Ambos representantes diplomáticos, Philip Goldberg en el caso de Estados Unidos y Gustavo Guzmán en el caso de Bolivia, retornarán a sus países hoy, según informaron fuentes de ambos gobiernos.EUU declaró a Guzmán «persona non grata» el jueves, un día después de que Morales expulsara a Goldberg con la acusación de encabezar un proceso de desestabilización y división del país.

De igual forma, el canciller boliviano, David Choquehuanca, anunció que se revisará el destino de la cooperación que llega de EE.UU,, ya que el Gobierno sospecha que una parte se utiliza con objetivos políticos contrarios a la Administración de Morales. Las autoridades del gobierno boliviano no presentaron pruebas de sus denuncias.

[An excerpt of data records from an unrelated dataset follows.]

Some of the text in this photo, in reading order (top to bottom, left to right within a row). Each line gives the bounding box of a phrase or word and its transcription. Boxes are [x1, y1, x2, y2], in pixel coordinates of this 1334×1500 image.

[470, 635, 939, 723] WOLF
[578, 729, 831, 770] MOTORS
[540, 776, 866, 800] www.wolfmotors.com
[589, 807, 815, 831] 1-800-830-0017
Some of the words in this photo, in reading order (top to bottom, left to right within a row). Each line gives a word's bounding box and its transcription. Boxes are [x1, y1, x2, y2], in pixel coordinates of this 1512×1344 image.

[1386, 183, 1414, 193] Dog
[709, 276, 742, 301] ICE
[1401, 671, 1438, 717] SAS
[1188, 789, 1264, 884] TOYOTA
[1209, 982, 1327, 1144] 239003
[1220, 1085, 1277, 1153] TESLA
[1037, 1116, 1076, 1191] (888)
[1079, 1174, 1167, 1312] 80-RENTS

Entretanto, el país continúa convulsionado por los enfrentamientos entre sectores autonomistas y oficialistas en las regiones de Santa Cruz, Pando, Beni y Tarija, hasta donde se desplegaron refuerzos militares que anticipan la probabilidad de que se dicte un estado de sitio, medida que según el embajador de Bolivia en Brasil, Mauricio Dorfler, «está en análisis».

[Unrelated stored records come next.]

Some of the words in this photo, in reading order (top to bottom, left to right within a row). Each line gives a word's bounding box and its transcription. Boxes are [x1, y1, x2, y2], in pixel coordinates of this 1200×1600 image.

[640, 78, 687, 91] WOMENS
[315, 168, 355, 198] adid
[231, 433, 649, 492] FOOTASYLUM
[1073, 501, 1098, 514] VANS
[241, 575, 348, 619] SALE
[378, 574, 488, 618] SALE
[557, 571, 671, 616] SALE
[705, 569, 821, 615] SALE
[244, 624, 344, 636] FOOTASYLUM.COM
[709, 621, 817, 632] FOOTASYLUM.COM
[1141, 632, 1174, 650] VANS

Hasta ayer se contabilizaron oficialmente 14 muertos y un centenar de heridos en los enfrentamientos entre oficialistas y autonomistas en Pando, al norte del país, uno de ellos militar disfrazado de campesino, según reveló este jueves el dirigente cívico de Pando, Ricardo Shimokawa.

Solidaridad de Honduras

En medio de este panorama, el Gobierno invitó a los prefectos (gobernadores) de la oposición a iniciar un diálogo a las 18.00 horas de ayer en el Palacio de Gobierno, encuentro al que asistió el gobernador de Tarija, Mario Cossío, representando a la oposición.

Por otra parte, el presidente de Honduras, Manuel Zelaya, cercano a Chávez, decidió ayer suspender temporalmente la recepción de las cartas credenciales del nuevo embajador de Estados Unidos en Tegucigalpa en solidaridad con Bolivia.